#### DATASET EXCERPTS
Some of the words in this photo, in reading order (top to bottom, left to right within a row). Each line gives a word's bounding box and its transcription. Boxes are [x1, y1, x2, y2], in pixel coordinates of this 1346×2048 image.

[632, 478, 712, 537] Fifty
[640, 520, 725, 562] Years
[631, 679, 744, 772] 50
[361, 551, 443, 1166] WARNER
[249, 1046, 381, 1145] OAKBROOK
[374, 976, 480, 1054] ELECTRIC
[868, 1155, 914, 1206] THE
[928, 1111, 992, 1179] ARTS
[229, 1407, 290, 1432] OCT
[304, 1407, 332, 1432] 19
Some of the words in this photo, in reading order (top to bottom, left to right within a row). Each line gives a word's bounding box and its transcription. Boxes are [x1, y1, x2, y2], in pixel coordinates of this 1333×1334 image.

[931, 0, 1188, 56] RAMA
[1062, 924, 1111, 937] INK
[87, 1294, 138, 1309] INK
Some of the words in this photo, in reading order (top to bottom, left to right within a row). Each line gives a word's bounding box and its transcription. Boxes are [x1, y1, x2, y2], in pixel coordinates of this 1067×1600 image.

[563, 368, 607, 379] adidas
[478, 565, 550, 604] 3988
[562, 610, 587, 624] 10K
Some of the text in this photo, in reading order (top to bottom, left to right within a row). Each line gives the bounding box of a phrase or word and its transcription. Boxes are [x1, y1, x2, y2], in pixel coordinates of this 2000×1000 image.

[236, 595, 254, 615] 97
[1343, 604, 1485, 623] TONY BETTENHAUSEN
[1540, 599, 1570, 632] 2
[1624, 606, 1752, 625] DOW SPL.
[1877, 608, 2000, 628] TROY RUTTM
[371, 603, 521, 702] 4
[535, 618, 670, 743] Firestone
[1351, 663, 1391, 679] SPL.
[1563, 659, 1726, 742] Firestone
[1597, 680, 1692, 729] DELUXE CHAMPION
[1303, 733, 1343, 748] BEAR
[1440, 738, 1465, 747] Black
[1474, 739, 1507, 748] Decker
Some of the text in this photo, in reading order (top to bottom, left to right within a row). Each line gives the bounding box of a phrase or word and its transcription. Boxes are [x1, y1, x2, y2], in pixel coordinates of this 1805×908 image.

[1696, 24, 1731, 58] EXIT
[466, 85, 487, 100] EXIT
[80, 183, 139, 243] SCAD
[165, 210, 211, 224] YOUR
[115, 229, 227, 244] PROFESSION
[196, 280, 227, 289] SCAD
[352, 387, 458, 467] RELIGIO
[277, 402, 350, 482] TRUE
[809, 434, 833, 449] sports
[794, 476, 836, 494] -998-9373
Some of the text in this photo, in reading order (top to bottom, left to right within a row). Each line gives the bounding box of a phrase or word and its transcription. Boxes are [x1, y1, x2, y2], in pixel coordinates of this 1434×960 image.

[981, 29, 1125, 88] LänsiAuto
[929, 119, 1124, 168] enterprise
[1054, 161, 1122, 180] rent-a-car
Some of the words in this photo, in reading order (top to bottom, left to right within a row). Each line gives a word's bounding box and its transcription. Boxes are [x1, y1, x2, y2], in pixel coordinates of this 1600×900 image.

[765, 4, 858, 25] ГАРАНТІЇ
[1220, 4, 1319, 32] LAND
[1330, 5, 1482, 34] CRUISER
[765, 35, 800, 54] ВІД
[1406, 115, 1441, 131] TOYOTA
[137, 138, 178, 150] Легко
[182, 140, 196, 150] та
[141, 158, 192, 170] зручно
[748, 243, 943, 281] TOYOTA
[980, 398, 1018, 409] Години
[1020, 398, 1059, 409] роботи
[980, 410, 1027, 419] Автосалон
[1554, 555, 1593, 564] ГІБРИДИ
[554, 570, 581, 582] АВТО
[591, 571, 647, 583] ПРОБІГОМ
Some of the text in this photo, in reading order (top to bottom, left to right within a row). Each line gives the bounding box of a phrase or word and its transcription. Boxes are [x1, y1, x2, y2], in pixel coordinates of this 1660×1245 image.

#### WHAT IS NEEDED
Set down the line holding "this 1600×900 image." and all later lines through the last one in the material above, exactly, and no other lines.

#### RESULT OF THE TASK
Some of the words in this photo, in reading order (top to bottom, left to right within a row). Each line gives a word's bounding box and its transcription. Boxes are [x1, y1, x2, y2], in pixel coordinates of this 1600×900 image.

[765, 4, 858, 25] ГАРАНТІЇ
[1220, 4, 1319, 32] LAND
[1330, 5, 1482, 34] CRUISER
[765, 35, 800, 54] ВІД
[1406, 115, 1441, 131] TOYOTA
[137, 138, 178, 150] Легко
[182, 140, 196, 150] та
[141, 158, 192, 170] зручно
[748, 243, 943, 281] TOYOTA
[980, 398, 1018, 409] Години
[1020, 398, 1059, 409] роботи
[980, 410, 1027, 419] Автосалон
[1554, 555, 1593, 564] ГІБРИДИ
[554, 570, 581, 582] АВТО
[591, 571, 647, 583] ПРОБІГОМ
Some of the text in this photo, in reading order (top to bottom, left to right within a row). Each line gives the bounding box of a phrase or word and its transcription. Boxes are [x1, y1, x2, y2], in pixel coordinates of this 1660×1245 image.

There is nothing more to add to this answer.